COLSTRIP, Montana—After a 10-hour shift at the coal-fired power plant in the small southeastern Montana town of Colstrip, Northern Cheyenne tribal member Jason Small drives three minutes down the road to a local taco truck. Dressed in a zip-up hoodie and jeans, he grabs a burrito and heads next door for a late-afternoon beer at the Whiskey Gulch Saloon, a nearly empty bar where the staff all know him.

Small has worked at the Colstrip Steam Electric Station for about 20 years. He’s a boilermaker, doing maintenance and repairs for the plant’s two remaining coal-fired generating units, which  are capable of producing up to 1,480 megawatts of electricity.  The other two units shut down in 2020 – two years ahead of schedule – because their owners, Talen Montana and Puget Sound Energy, could not cover their costs.

Colstrip has provided power to cities across the Northwest since the 1970s. Now, as state environmental regulations in Washington and Oregon require four of the plant’s six owners based in these states to pull out of coal-fired power by 2025 and 2030, respectively, the plant’s future is uncertain. “You don’t know if this thing is shutting down in two weeks or tomorrow morning or five years from now or 2040,” Small said.

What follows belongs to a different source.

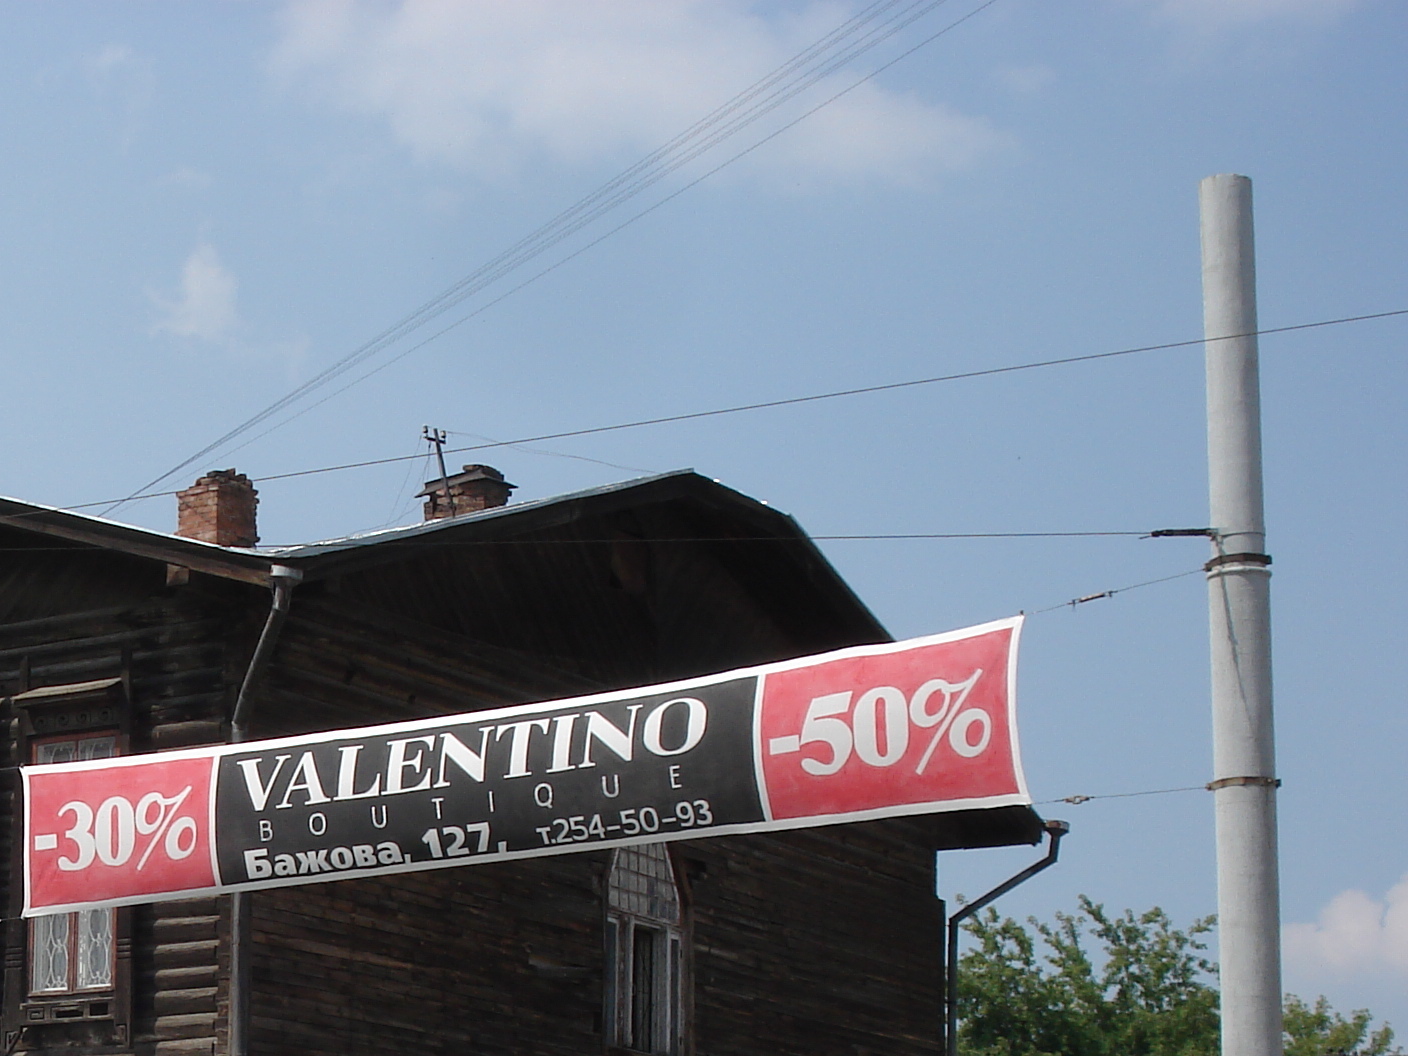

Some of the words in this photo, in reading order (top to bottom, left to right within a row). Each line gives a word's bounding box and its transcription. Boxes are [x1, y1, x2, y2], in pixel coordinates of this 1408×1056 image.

The plant’s closure would mean job losses for locals, including Small. But unemployment is not the only legacy the plant would leave behind: Questions remain about how five decades-worth of coal ash – the toxic byproduct that contains dangerous elements like arsenic, lead and mercury – will be cleaned up.

Coal ash presents a serious environmental challenge, as well as threats to the spiritual and cultural history of Native Americans on the 690-square-mile  Northern Cheyenne Indian Reservation where Small lives among 5,000 other tribal members. Though he has worked at various power plants around the country, Small prefers living close to home, on the land his ancestors fought their way back to after the U.S. government forcibly relocated them to present-day Oklahoma in the 1800s.